The Martianne is heard occasionally these days as a stirring concert or band selection. But there was a time when its playing was punishable by death—and its defiant strains challenged the harried police in tavern and drawing room all over the Earth.
In the days just before one marche militaire changed two worlds, Earth was weary of war, afraid of war, and desired to put behind it all reminders of war. The psychosociologists said uniforms of policemen, of postmen, of airline pilots, of lodge brethren, of theater ushers, were militaristic, and they were abolished. The psychosociologists said the march rhythm in music was nationalistic and instigated combative feelings, and it was banned. The scenes, the sounds, the sights of antagonisms between men were forbidden.

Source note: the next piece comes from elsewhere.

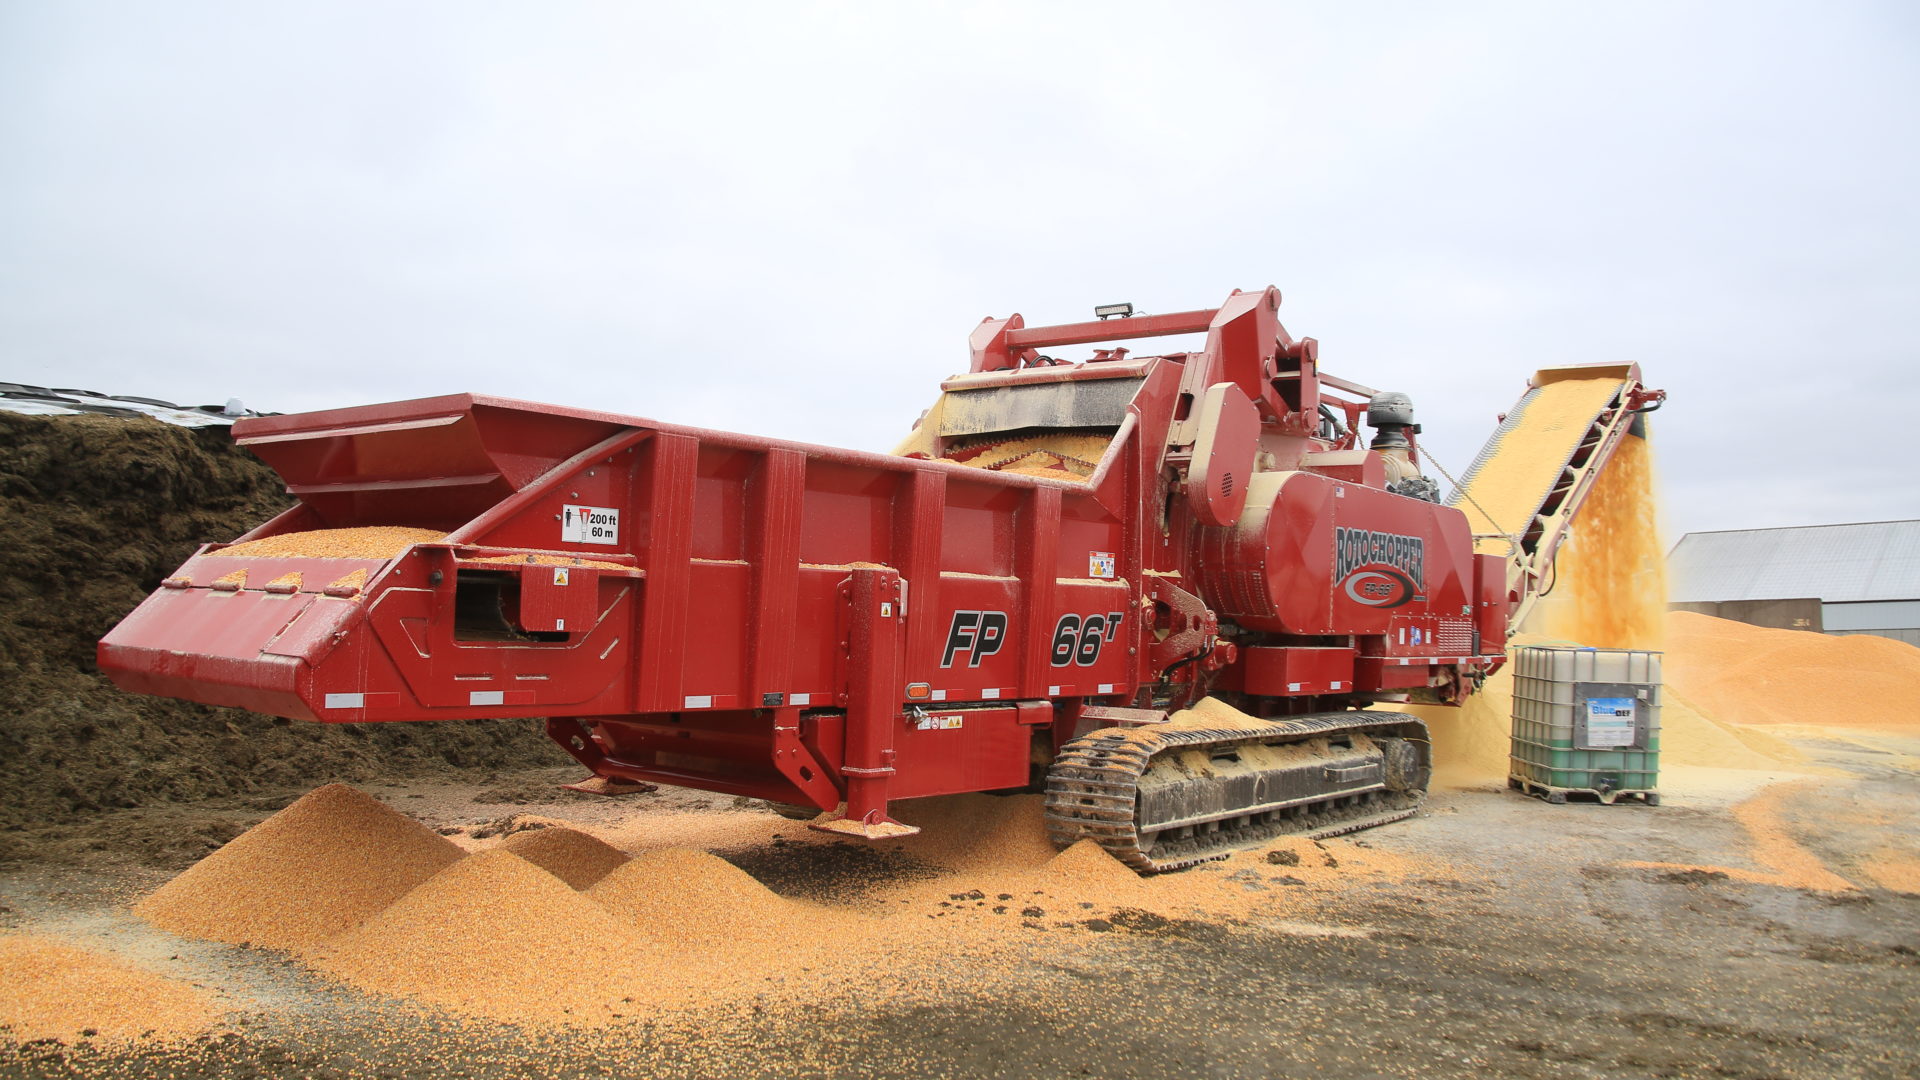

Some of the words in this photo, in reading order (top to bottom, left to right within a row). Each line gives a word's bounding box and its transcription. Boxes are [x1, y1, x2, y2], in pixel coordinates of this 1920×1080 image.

The Polonaise, the Marseillaise, the March of the Toys, all suffered the same fate. Sousa's marches and Tschaikovsky's 1812 Overture went the same way. Dixie and the Hawaiian War Chant were treated alike. All were relegated to tape in dusty archives, and their sale or public performance forbidden on pain of fine and prison sentence.
Whatever unlawful violence there might be on faraway Mars, Earth was through with all forms of war and its trappings.
Into these circumstances, Cornel Lorensse intruded on the night of December 6, 2010. He pressed his thin face against the steam-misted window of The Avatar in Nuyork and saw a piano standing idle inside.
The Avatar was one of those small restaurants sunk a few feet below sidewalk level, which catered with exotic dishes to the tastes of a select group. It was well-populated at this hour, and Cornel licked his lips hungrily at the epicurean delights unveiled at each table.
He felt in the pocket of his worn coveralls. A single coin answered the exploration of his fingers. He was down to his last resource, and he was no nearer to finding the Friends than he had been when he landed.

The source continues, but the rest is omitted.